Foi contemplada por Aristóteles, Plínio, Aldrovandi. É meio arroz de festa, está em todos os
quintais e terreiros há milênios,
pintada, filmada, estudada. A galinha está em todas, mas na dela.
Pensei também que as galinhas,
tinham nascido e morrido de
avental, que nunca haviam sido
deusas nem inspirado aos humanos pensamentos para o alto, na
sua corruptibilidade miúda. Errei.
Já frequentaram os templos e altares, cerimônias religiosas, elas e
seus ovos e vísceras. Não vou entrar em grandes detalhes porque
essas histórias se esquecem com a
mesma facilidade com que são lidas, entram por um ouvido e
saem pelo outro.
Bem, quem foi que começou a
comer a galinha? Foi o povo de
Delfos, aqueles adivinhões. Não
se contentaram com os ovos e
passaram a comê-la assada no seu
próprio molho gordo.
Muitos se indignaram, pois tanto o galo como a galinha são símbolos ideais. Ela, com seus ovos de
perfeito design, e ele, com seu
apetite sexual insaciável. A galinha foi vivendo, mágica ou bruxa,
ou só útil, poedeira, prática, a função dela era ser coberta pelo galo e
produzir seus ovos, o que já acho
tarefa de bom tamanho.
Enquanto a galinha ia andando
sem se preocupar muito com a
história, o galo foi comparado a
reis em seus tronos, símbolo de
beleza, majestade, potência, sexualidade. Ave diligente, libidinoso, beligerante, impudente, fanfarrão, vaidoso, desenfreado.
Anuncia o dia, a ressurreição, é o
próprio Cristo, bom provedor.
Guardião, amigo de Eros e de
Hermes, jogador, rei das arenas.
Nunca servo nem servil.
Em muitas línguas, a palavra galo, como no inglês "cock", é sinônimo de pênis. Intriga-me um
pouco os homens brasileiros terem substituído galo por pinto,
mas é lá com eles.
Gosto de saber das galinhas modernas, atuais, e os amigos me
mandam as novidades. Há um
concurso de Miss Galinha numa
cidadezinha perdida, onde as bichinhas são maquiadas, enfeitadas com brincos e turbantes, pulseira dourada na canela, tutu de
filó, óculos de gatinho. Nem dá
para acreditar, qual outro bicho
aguentaria a infâmia sem piar?
Um cientista japonês, ou um japonês metido a cientista, descobriu que as nervosas meninas desorientadas e com tendência à depressão, à roxa depressão, se acalmavam com lentes de óculos roxas. Levou a cabo a experiência.

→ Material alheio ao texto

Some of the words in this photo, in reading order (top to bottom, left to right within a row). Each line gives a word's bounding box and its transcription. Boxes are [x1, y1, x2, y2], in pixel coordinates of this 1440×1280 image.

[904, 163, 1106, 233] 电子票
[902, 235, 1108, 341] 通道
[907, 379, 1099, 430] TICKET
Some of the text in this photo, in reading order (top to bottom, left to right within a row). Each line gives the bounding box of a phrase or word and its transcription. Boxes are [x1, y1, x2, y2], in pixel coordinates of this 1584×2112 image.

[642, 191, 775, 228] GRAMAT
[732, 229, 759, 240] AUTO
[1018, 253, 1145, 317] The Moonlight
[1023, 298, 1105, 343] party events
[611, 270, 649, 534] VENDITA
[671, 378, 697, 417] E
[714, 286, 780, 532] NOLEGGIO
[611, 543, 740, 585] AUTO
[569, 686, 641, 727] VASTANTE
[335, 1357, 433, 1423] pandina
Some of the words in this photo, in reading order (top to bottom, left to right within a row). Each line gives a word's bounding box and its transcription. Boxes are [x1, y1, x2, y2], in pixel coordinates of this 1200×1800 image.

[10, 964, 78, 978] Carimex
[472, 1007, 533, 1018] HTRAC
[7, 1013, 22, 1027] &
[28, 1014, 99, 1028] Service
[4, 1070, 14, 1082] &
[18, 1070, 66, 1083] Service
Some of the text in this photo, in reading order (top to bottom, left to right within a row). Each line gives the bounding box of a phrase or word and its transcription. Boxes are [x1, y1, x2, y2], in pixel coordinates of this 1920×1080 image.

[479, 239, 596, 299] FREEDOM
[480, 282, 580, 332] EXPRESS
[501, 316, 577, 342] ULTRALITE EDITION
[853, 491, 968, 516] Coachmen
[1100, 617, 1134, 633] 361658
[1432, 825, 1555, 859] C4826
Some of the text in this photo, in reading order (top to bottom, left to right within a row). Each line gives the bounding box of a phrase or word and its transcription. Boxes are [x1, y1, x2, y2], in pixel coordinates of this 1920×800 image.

Do alto de seus poleiros passaram
a enxergar em plangente roxo.
Tudo. O galo, o milho, o riacho. A
vida, enfim. É cada uma!
As coisas, porém, podem mudar um dia. O filósofo romano Julius Alexandrinus diz, confirmando Aristóteles: "Eu tenho visto galinhas aqui e ali que se apoderaram do espírito dos machos depois de alguma vitória sobre eles,
cobrem o galo como no coito, em
tentativas infrutíferas, é claro,
mas às quais se acostumaram".
Cortázar também nos faz vislumbrar outros tempos com a
mensagem que recebeu de uma
galinha em mutação.
"Por galinha uma escrito.
Com o acontecido estamos conosco entusiasmadas. Rapidamente do apoderar mundo iremos nos, oba. Era um inofensivo
aparentemente foguete lançado
Canaveral. Americanos Cabo do
pelos. Razões desconhecidas por
órbita da desviou se e provavelmente algo ao atritar se com invisível e Terra retornou à. Crista
caiu nos na ploft, mutação instantânea entramos em. Rapidamente
a multiplicar aprendendo de taboada estamos, prendadas muito
literatura para a somos da história, química um menos pouco,
desajeitadas agora até esportes
para, importância tem, não: das
será galinhas estratosfera, da frente sai, carajo que."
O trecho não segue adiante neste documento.